Here is an analogy. Suppose the company had a policy of submitting your
timesheet rounded to the nearest half-hour every Friday. Suppose an employee
comes to HR in person unannounced on Friday with a list of hours worked every
day that week, for example, 7.4, 7.6, 7.7,7.8,7.9. For each of the numbers he
asks the HR person (it is a small company so they only have on HR person) what
he should enter in his timesheet. The first time, the HR person might tell him
the company policy and give the answers (7.5,7.5,7.5,8,8). If the person does
this every week (even with slightly different numbers) is the HR person always
going to be kind, smiling, and affirming? After a while, there is a high
likelihood that the HR person would at least once sigh, roll their eyes, and
give curt answers. Would people call the HR person a jerk for this response -
after all this is part of their job?

At any company, there are people who want to do their job with the least
amount of thought and effort possible. An IT person can be seen as a better
Siri. Instead of thinking about a problem or even trying to look it up online,
it is faster and easier for them just to dump it off to another person. These
types of people can monopolize an IT person's time. Unfortunately, the IT
person is often at a level where they cannot formally complain about people
abusing their time. Thus, as a self-protection mechanism, they try to change
the incentives. Calling the IT person with your problem will save you from
having to think about it, but you will pay for it by having to undergo
condescension. After a while this type of behavior can become ingrained in IT
and be used against everybody, not just bad actors.

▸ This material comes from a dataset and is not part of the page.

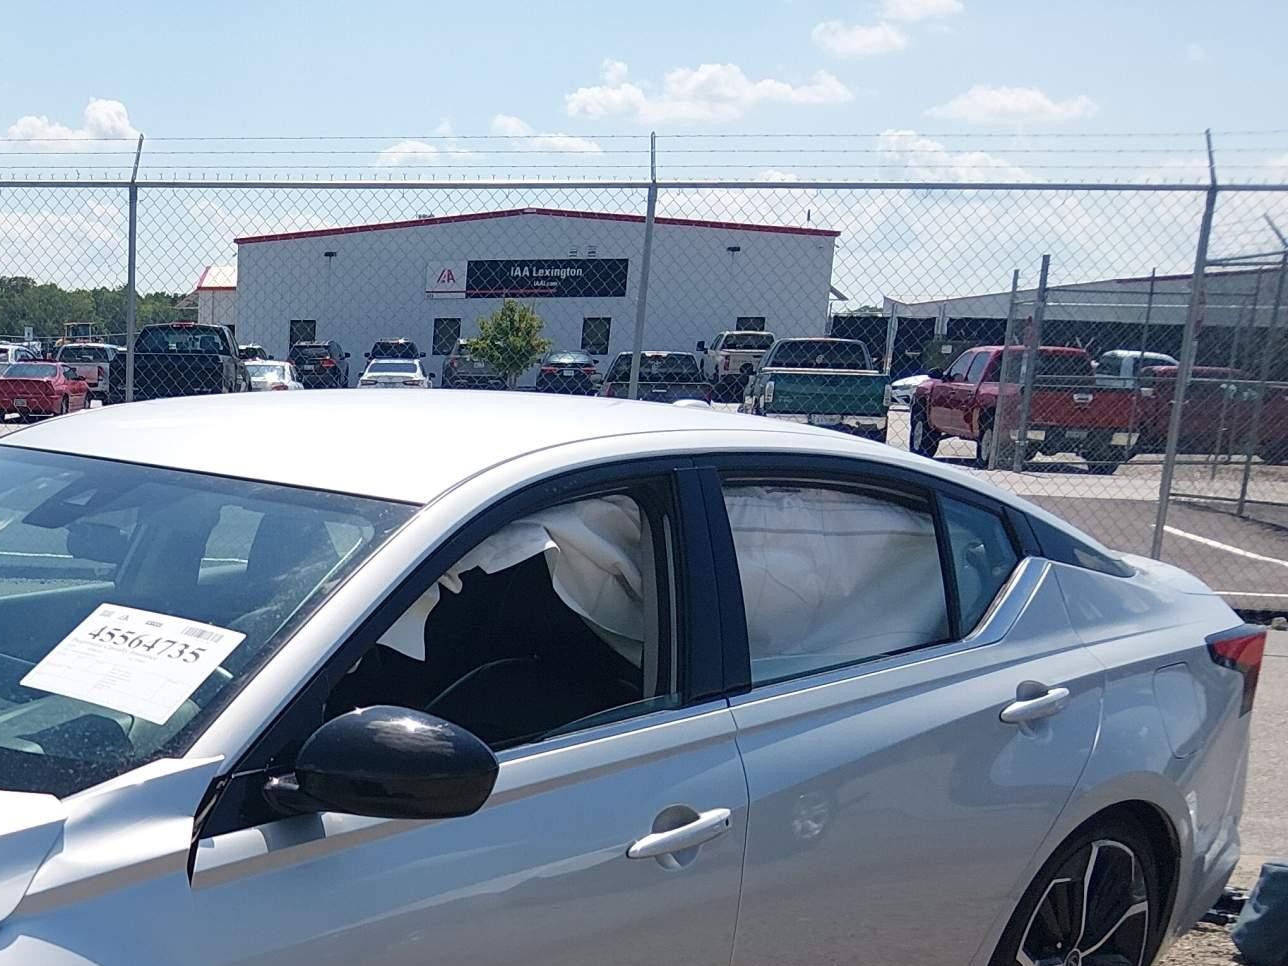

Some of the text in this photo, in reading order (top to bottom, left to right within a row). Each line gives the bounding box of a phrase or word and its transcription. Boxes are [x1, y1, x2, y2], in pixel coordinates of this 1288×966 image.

How can a company fix this? First, do not tolerate jerky behavior as that can
ruin company culture. Second, have a policy in place that abuse of an IT
person's time will not be tolerated. As an employee, you are required to be
sufficiently knowledgeable about your tools - one of which is a computer.
People abusing the IT person will have to undergo mandatory training or face
disciplinary action. Have the IT person document each request and who asked
for it. Review them periodically, to find people who are abusing the system. A
company would not tolerate someone who always asked a coworker to write their
reports because they are poor at grammar and spelling. So, they should not
tolerate someone always asking IT about routine computer issues.

Doing this can remove the incentive for jerky behavior from IT as they can
just quickly document the requests knowing that abuse will be dealt with by
management. For your workers, they know that IT is there as a resource that is
happy to help them but is not a substitute for Google. I think this would
result in an overall win-win situation.